Artikel

15OKT2015

Plt Gubsu Minta Balitbang Temukan Strategi Sumut Hadapi MEA

Medan, 13/10 - Pelaksana Tugas (Plt) Gubsu Tengku Erry Nuradi meminta Badan Penelitian dan Pengembangan Provinsi maupun kabupaten/kota mencari dan menemukan strategi yang tepat bagi Sumatera Utara untuk mengembangkan dan menggerakkan seluruh potensi yang ada menghadapi Masyarakat Ekonomi Asean.

Hal itu dikatakannya saat membuka Rapat Koordinasi Daerah Bertema Sinergitas Dan Konsolidasi Kelitbangan Daerah dalam menghadapi MEA 2015 yang dilaksanakan oleh Badan Penelitian Dan Pengembangan Provinsi Sumatera Utara di Hotel Grand Antares Medan, Selasa (13/10).

Dalam sambutannya Erry Nuradi mengatakan Balitbang mempunyai peran penting untuk memberikan masukan dan melihat sejauh mana kesiapan dalam mengahadapi agenda MEA yang akan di mulai desember 2015. Erry berharap Balitbang mencari dan menemukan strategi yang tepat bagi daerah Provinsi Sumatera Utara untuk mengembangkan dan menggerakkan seluruh potensi yang ada. “Sehingga era Masyarakat Ekonomi Asean yang akan berlangsung akhir tahun 2015 dapat menjadi peluang bagi bangsa Indonesia khususnya Sumatera Utara,” ujar Erry.

Erry di dampingi Kepala Badan Litbang Provinsi Sumut Ir.
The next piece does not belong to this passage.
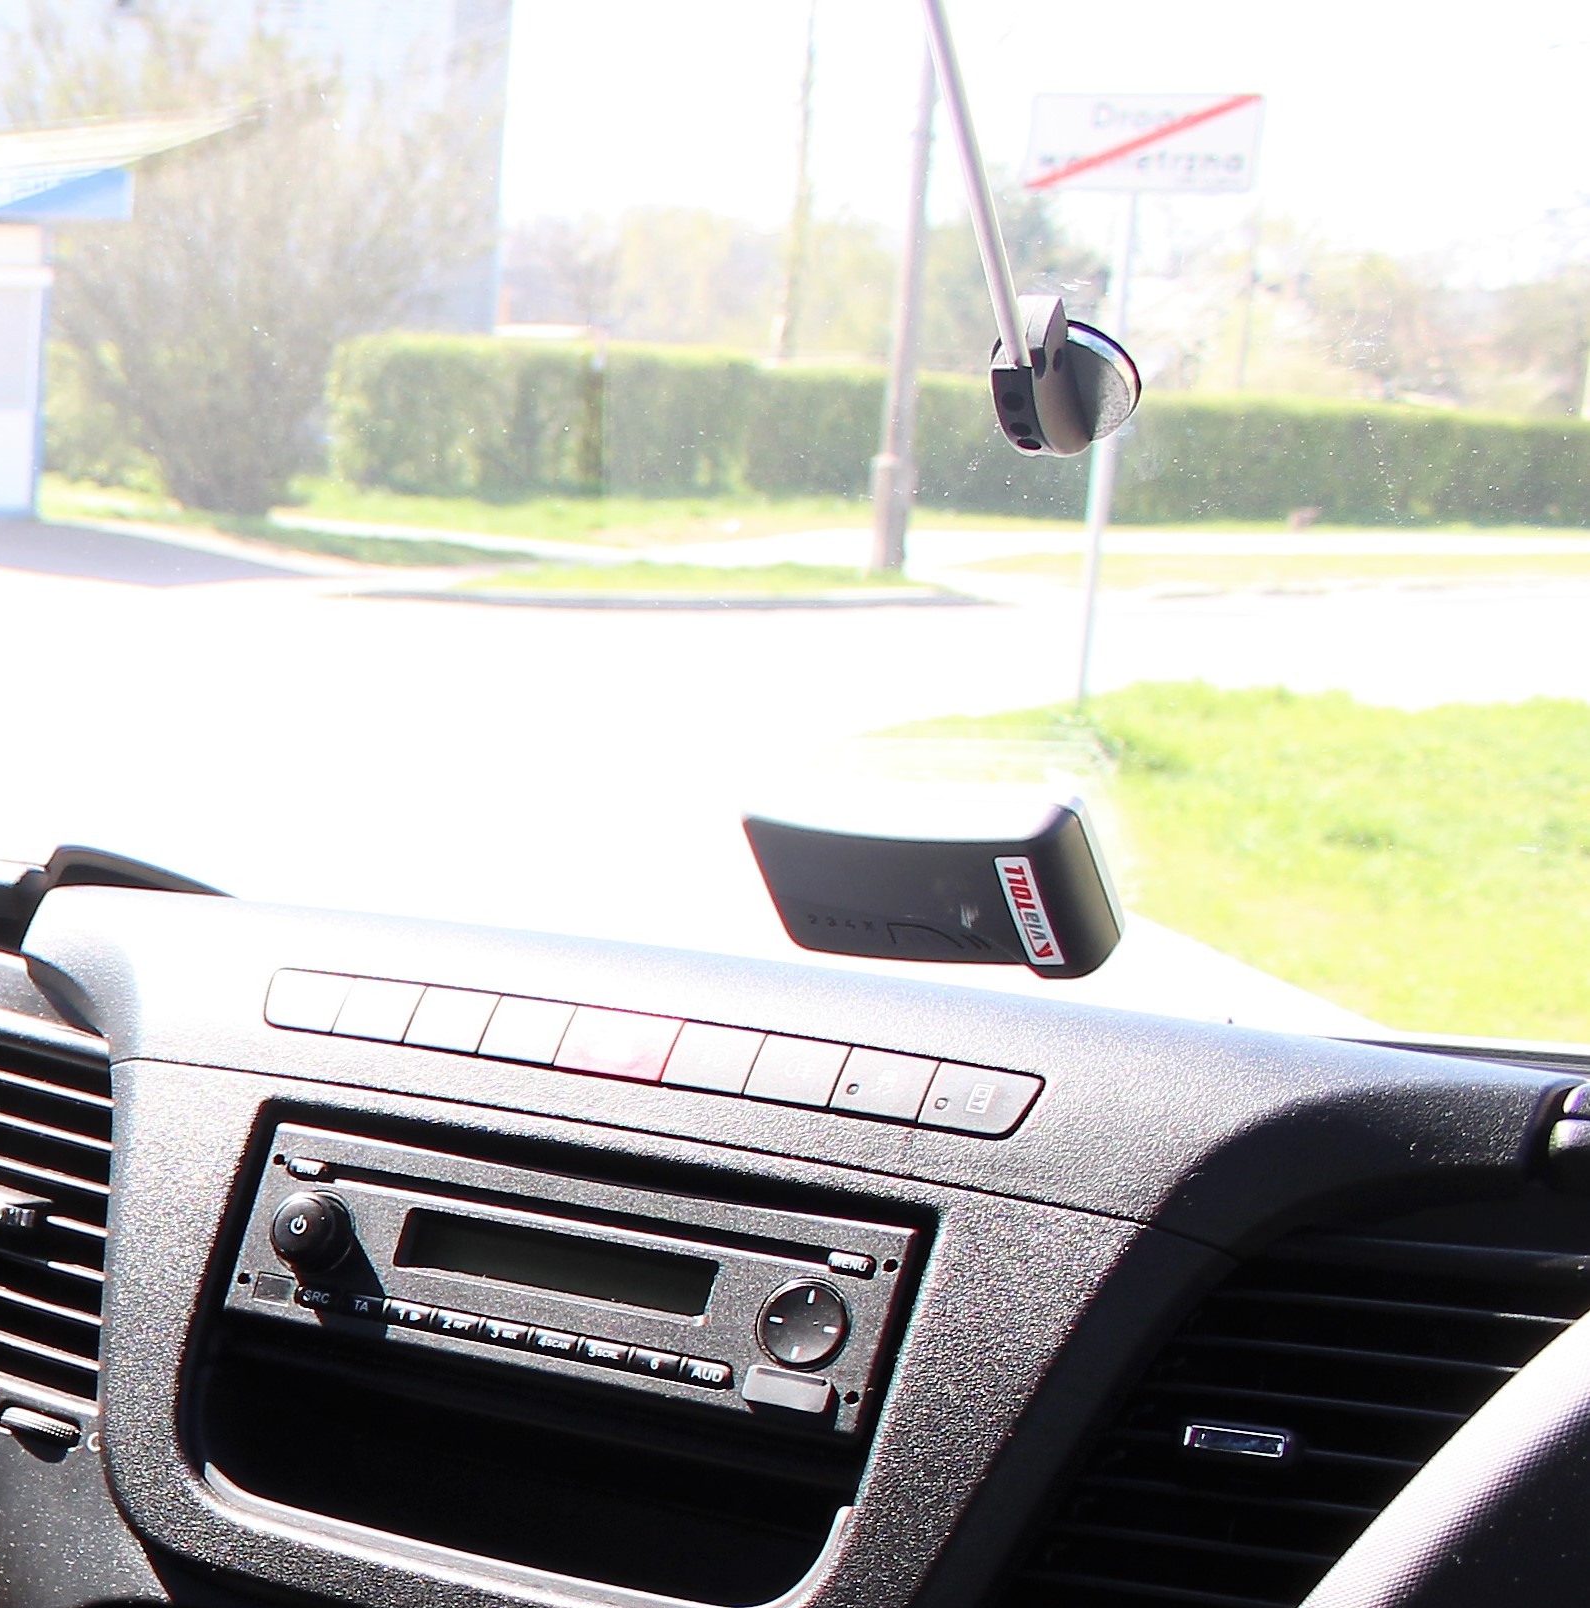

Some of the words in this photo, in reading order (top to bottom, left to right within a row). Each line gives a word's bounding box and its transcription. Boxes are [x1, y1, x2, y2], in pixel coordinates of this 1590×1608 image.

Alwin Sitorus, M.Si mengatakan sangat khawatir Indonesia, khususnya Sumut menjadi pasar kerja bagi pekerja asing sementara warga lokal menjadi penonton. Padahal dari 600 juta jiwa penduduk Asean, 250 juta jiwa diantaranya adalah penduduk Indonesia. Sementara sumut juga mempunyai 14 juta jiwa.

Tingginya jumlah penduduk ini menjadi potensi bagi delapan bidang jasa yang di sepakati dalam ekonomi lintas Asean diantaranya bidang kedokteran, teknik dan akuntansi. Menurut Erry, negara tetangga sudah sejak awal melakukan persiapan menghadapi MEA. Erry mencontohkan, saat ini tenaga kerja Filiphina mulai menguasai bahasa Indonesia agar mudah bekerja di Indonesia.

Erry menambahkan sangat berharap Balitbang Provsu juga melakukan penelitian tentang empat kawasan khusus yang sedang dibangun di Sumatera Utara, yakni kawasan Medan Binjai Deli Serdang dan Karo (Mebidangro), kawasan industry dan pelabuhan Kuala Tanjung, Kawasan Ekonomi Khusus Sei Mangke Dan Kawasan Strategis Pariwisata Danau Toba.

"Litbang mempunyai peran penting, hasil penelitiannya menjadi masukan kepada pengambil kebijakan daerah mulai dari kabupaten kota Provinsi dan tingkat pusat karena itu saya berharap semua litbang di Sumatera Utara bekerja sama dan terus meningkatkan kapasitas,” harapnya.

Sementara itu Pelaksanaan Rapat Koordinasi Daerah Penelitian Dan Pengembangan Provinsi Sumatera Utara Tahun 2015 ini juga di isi oleh agenda penandatanganan kerjasama Provinsi Sumatera Utara dengan Balitbang Kementrian Hukum dan HAM RI. Kepala Balitbang Kementrian Hukum dan HAM RI Y Ambeg Paramarta Mhi mengatakan penandatanganan kerja sama ini adalah yang kedua kalinya. Pertama di lakukan 30 april 2013 dengan 3 kegiatan yaitu tentang evaluasi penanganan konflik tanah ulayat, kebijakan "pro poor" hak hak dasar rakyat dan pemenuhan hak anak daerah pesisir. Sementara kerjasama yang akan dilaksanakan pada saat ini adalah kerjasama penelitian tentang pengembangan sumberdaya manusia.

Pelaksanaan rapat koordinasi daerah penelitian dan pengembangan provinsi sumatera utara tahun 2015 di hadiri oleh seluruh Balitbang dari kabupaten dan kota se Sumatera Utara.